Effects of substitution of group-V atoms for carbon or silicon atoms on optical properties of silicon carbide nanotubes*

Silicon carbide nanotubes (SiCNTs) have broad application prospects in the field of micro-nanodevices due to their excellent physical properties. Based on first-principles, the difference between optical properties of SiCNTs where C atom or Si atom is replaced by group-V element is studied. The results show that the optical absorptions of SiCNTs doped by different elements are significantly different in the band of 600 nm-1500 nm.
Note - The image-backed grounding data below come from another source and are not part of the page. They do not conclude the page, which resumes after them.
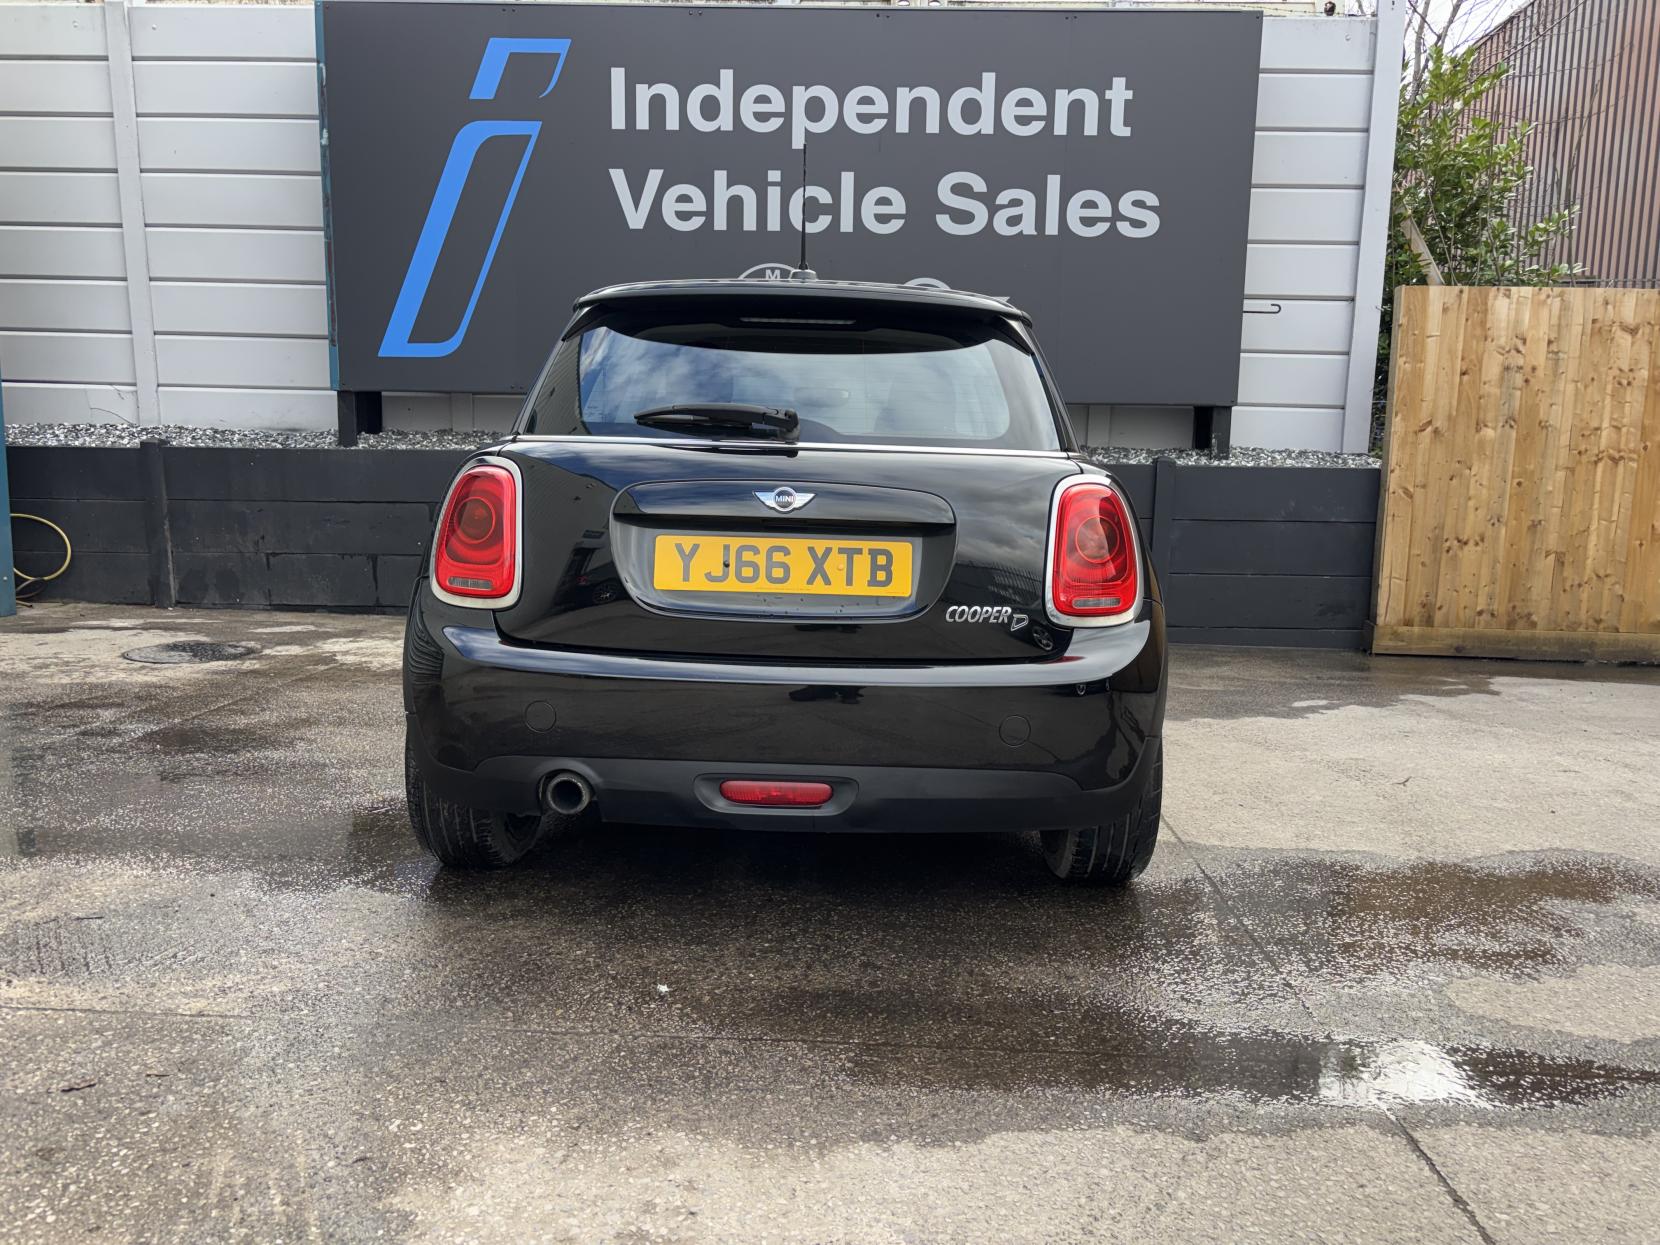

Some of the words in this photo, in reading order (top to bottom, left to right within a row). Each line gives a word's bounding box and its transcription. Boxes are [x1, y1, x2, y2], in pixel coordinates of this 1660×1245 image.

[610, 67, 1134, 150] Independent
[609, 168, 907, 234] Vehicle
[936, 171, 1161, 238] Sales
[775, 495, 794, 503] MINI
[674, 543, 791, 585] YJ66
[806, 546, 894, 588] XTB
[945, 605, 1012, 623] COOPER
[1010, 613, 1029, 632] D
The differences in photoconductivity, caused by different doping elements, are reflected mainly in the band above 620 nm, the difference in dielectric function and refractive index of SiCNTs are reflected mainly in the band above 500 nm. Further analysis shows that SiCNTs doped with different elements change their band structures, resulting in the differences among their optical properties. The calculation of formation energy shows that SiCNTs are more stable when group-V element replaces Si atom, except N atom. These research results will be beneficial to the applications of SiC nanomaterials in optoelectronic devices and provide a theoretical basis for selecting the SiCNTs' dopants.

Automated summary

The study investigates the optical properties of SiCNTs doped with different elements, showing significant differences in optical absorption, photoconductivity, dielectric function, and refractive index across different wavelength bands. The band structures of SiCNTs are found to be altered by doping elements, impacting their optical properties. Additionally, energy formation calculations suggest that SiCNTs are more stable when group-V elements replace Si atom, with the exception of N atom.